------ DATASET ------
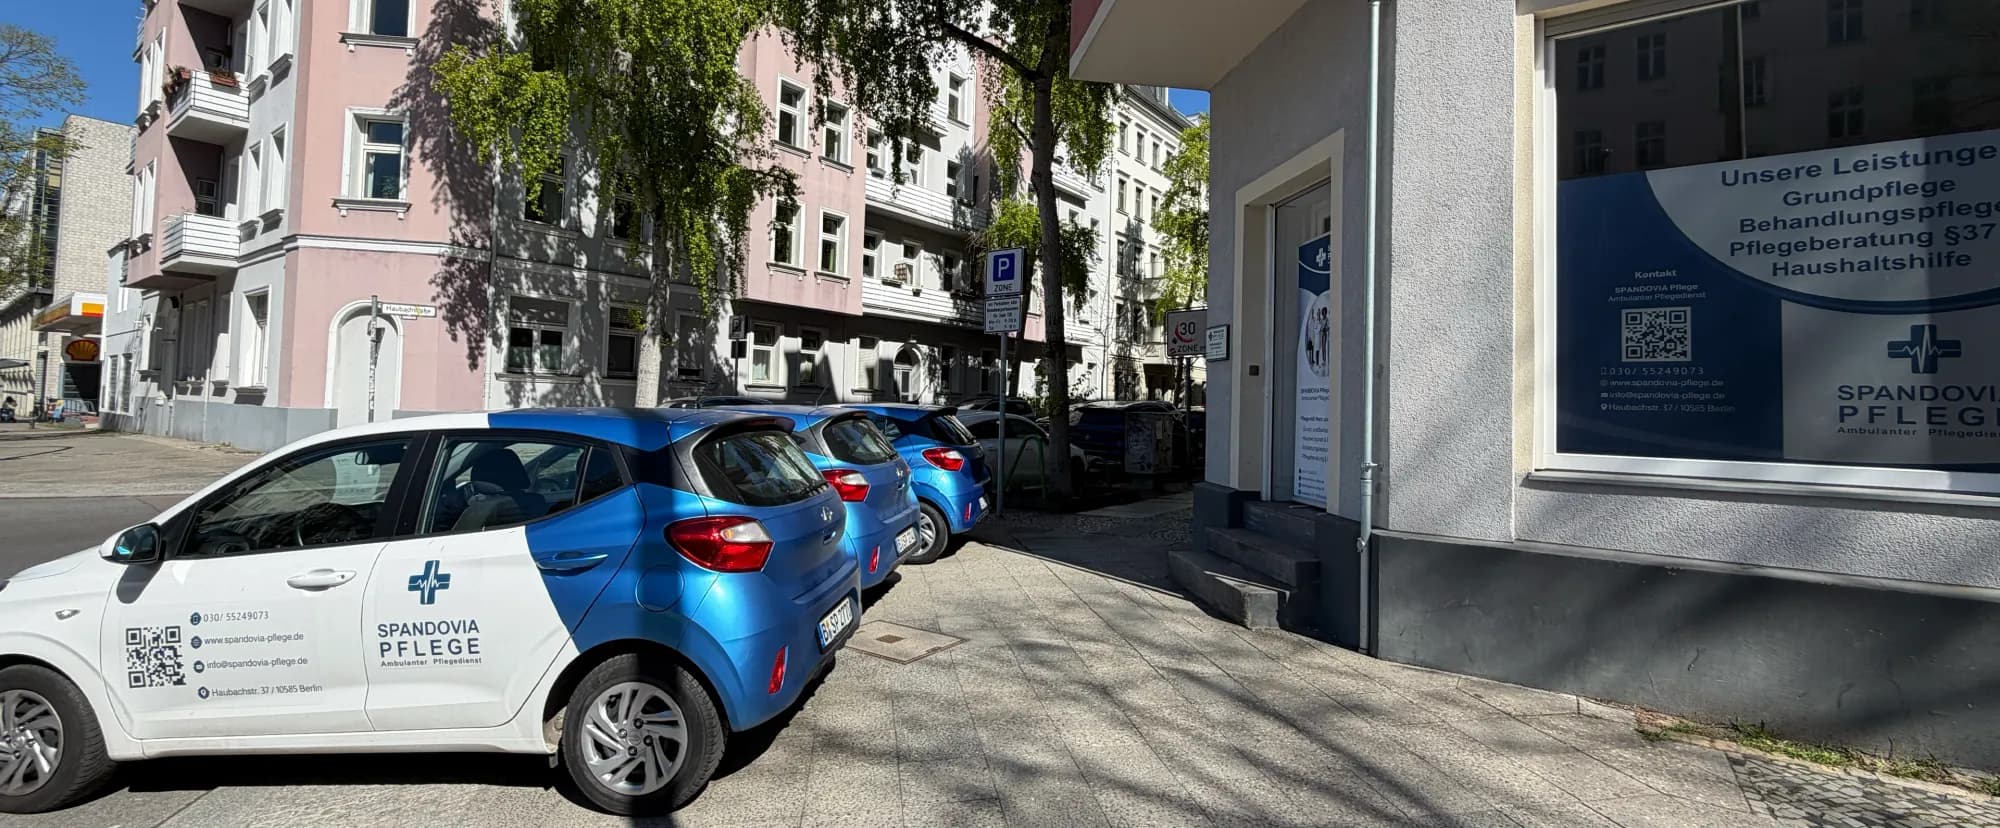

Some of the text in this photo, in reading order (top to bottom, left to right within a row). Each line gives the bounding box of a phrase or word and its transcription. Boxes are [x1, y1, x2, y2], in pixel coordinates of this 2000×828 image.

[1721, 163, 1822, 187] Unsere
[1782, 180, 1957, 207] Grundpflege
[1730, 223, 1997, 257] Pflegeberatung §37
[998, 258, 1010, 278] P
[1772, 250, 1973, 277] Haushaltshilfe
[1634, 269, 1678, 279] Kontakt
[993, 284, 1013, 292] ZONE
[1615, 283, 1699, 294] SPANDOVIA Pflege
[1180, 321, 1196, 336] 30
[1177, 344, 1199, 353] ZONE
[1609, 367, 1704, 376] 030/ 55249073
[1837, 384, 2000, 402] SPANDOVI
[1837, 426, 1918, 437] Ambulanter
[203, 611, 269, 623] 030/ 55249073
[377, 619, 481, 638] SPANDOVIA
[821, 623, 829, 642] B
[204, 632, 304, 646] www.spandovia-pflege.de
[379, 638, 481, 658] PFLEGE
[206, 656, 308, 670] info@spandovia-pflege.de
[381, 657, 482, 668] Ambulanter Pflegedienst
[211, 687, 259, 698] Haubachstr.
[260, 685, 270, 695] 37
[275, 684, 298, 695] 10585
[299, 683, 323, 693] Berlin
------
WHAT IS NEEDED: Output the material above verbatim but exclude each picture.

PROBLEM SOLUTION:
Some of the text in this photo, in reading order (top to bottom, left to right within a row). Each line gives the bounding box of a phrase or word and its transcription. Boxes are [x1, y1, x2, y2], in pixel coordinates of this 2000×828 image.

[1721, 163, 1822, 187] Unsere
[1782, 180, 1957, 207] Grundpflege
[1730, 223, 1997, 257] Pflegeberatung §37
[998, 258, 1010, 278] P
[1772, 250, 1973, 277] Haushaltshilfe
[1634, 269, 1678, 279] Kontakt
[993, 284, 1013, 292] ZONE
[1615, 283, 1699, 294] SPANDOVIA Pflege
[1180, 321, 1196, 336] 30
[1177, 344, 1199, 353] ZONE
[1609, 367, 1704, 376] 030/ 55249073
[1837, 384, 2000, 402] SPANDOVI
[1837, 426, 1918, 437] Ambulanter
[203, 611, 269, 623] 030/ 55249073
[377, 619, 481, 638] SPANDOVIA
[821, 623, 829, 642] B
[204, 632, 304, 646] www.spandovia-pflege.de
[379, 638, 481, 658] PFLEGE
[206, 656, 308, 670] info@spandovia-pflege.de
[381, 657, 482, 668] Ambulanter Pflegedienst
[211, 687, 259, 698] Haubachstr.
[260, 685, 270, 695] 37
[275, 684, 298, 695] 10585
[299, 683, 323, 693] Berlin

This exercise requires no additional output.